== Directions for this task ==
Leave the images out and write out each entry exactly as shown.

== Source data ==

'''

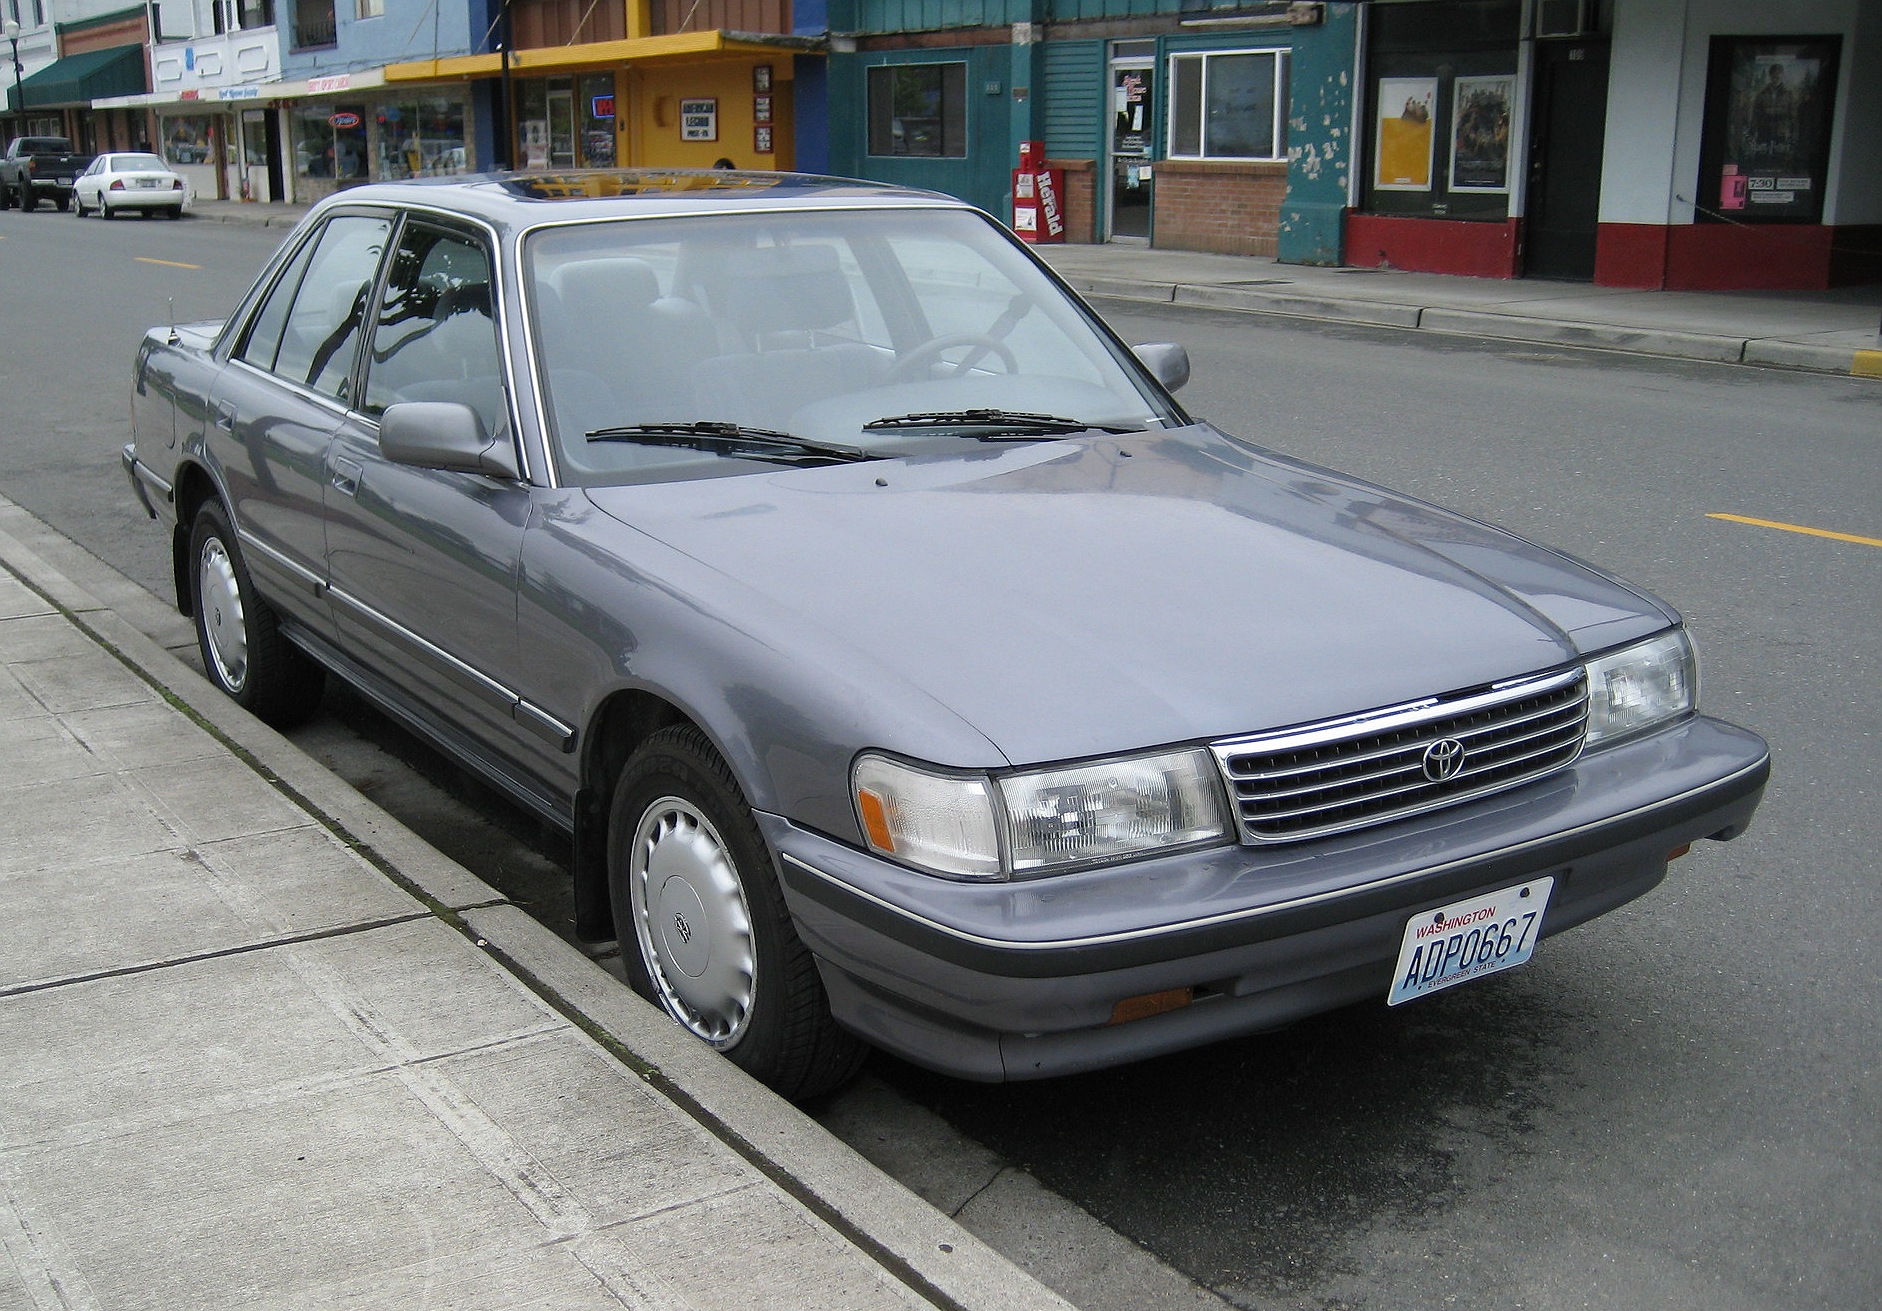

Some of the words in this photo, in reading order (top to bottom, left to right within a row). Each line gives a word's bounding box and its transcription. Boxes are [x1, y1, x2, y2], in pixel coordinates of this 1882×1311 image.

[1036, 171, 1064, 236] Herald
[1416, 906, 1497, 939] WASHINGTON
[1402, 911, 1538, 990] ADP0667
[1427, 969, 1470, 989] EVERGREEN
[1473, 960, 1497, 974] STATE

'''

== Solution to this exercise ==
Some of the words in this photo, in reading order (top to bottom, left to right within a row). Each line gives a word's bounding box and its transcription. Boxes are [x1, y1, x2, y2], in pixel coordinates of this 1882×1311 image.

[1036, 171, 1064, 236] Herald
[1416, 906, 1497, 939] WASHINGTON
[1402, 911, 1538, 990] ADP0667
[1427, 969, 1470, 989] EVERGREEN
[1473, 960, 1497, 974] STATE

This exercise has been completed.